Just don't blindly stare at the queue when a new registered member appears to be spam. Often, they're not but their username is blacklisted.

 

[KensonPlays]

I personally do not enable Akismet, cause IIRC they charge a fee for "commercial use" which a site that offers paid upgrades, I believe, would fall under that, even if there are no active paid upgrades? I also don't have dns blacklist setup, but we don't get enough traffic to warrant it yet, IMO.


@Baw$e - Do you use SFS and Honeypot, along with hcaptcha or cloudflare turnstile? Enabling those can help reduce it a lot.

 

[Page]

I seem to get spam accounts from known countries like Russia and India

 

[cpvr]

I seem to get spam accounts from known countries like Russia and India

I use Cloudflare's WAF option to block the entire country zone of Russia.
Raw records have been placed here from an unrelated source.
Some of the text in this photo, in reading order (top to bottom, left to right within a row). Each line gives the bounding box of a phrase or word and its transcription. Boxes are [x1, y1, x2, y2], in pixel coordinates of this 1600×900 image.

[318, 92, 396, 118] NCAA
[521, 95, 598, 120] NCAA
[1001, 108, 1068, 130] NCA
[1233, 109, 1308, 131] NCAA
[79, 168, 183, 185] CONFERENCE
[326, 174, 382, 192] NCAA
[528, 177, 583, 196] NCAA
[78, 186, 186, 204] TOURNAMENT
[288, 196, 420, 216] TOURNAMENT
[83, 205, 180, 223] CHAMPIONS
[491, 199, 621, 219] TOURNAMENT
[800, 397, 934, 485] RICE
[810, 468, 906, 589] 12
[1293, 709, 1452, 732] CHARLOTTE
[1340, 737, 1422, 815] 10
The traffic I was getting from them was quite malicious, so I blocked the entire zone for security purposes.

 

[Shawn Gossman]

Recently my forum has received a couple spam accounts. I have email verification disabled because not all members were receiving my emails.

What are tricks to keep the spammers/bots away? They signed up and created posts in another language linking to Whatsapp.

I usually add a security question that's related to the niche but difficult enough that you might need to Google the answer.

I also add a field that requires an answer. A lot of times a generic answer will be added and that's a good indicator of spam.

If your community isn't too hopping, turn on manual approval. Don't let the first post contain a link.

 

[Page]

I use Cloudflare's WAF option to block the entire country zone of Russia. The traffic I was getting from them was quite malicious, so I blocked the entire zone for security purposes.

Ever since I update to hCaptcha and added some settings to Cloudflare's I have resolved it without blocking any countries like Russia 😉

 

[Ravenfreak]

I need to figure out the best way to prevent spam accounts from joining Zippy Promotion. (I've started working on that site again.) I'm using MyBB for the forum and I get hundreds of spam accounts trying to join. I need to go through and delete a bunch of accounts that registered. Thankfully none of them has made any threads but I've never seen so many spam accounts on a forum.

 

[Nomad]

If you are getting spam from select few countries, you can block IP. That's what I do

 

[Page]

If you are getting spam from select few countries, you can block IP. That's what I do

Blocking the IP is easy, however doesn't stop them from using a VPN and having a different IP.

Got to think more outside of the box otherwise HTacess be full of 100s of IPs XD

 

[dojo]

You can block iP ranges if needed. Whatever countries bring in the most issues, just block them and call it a day.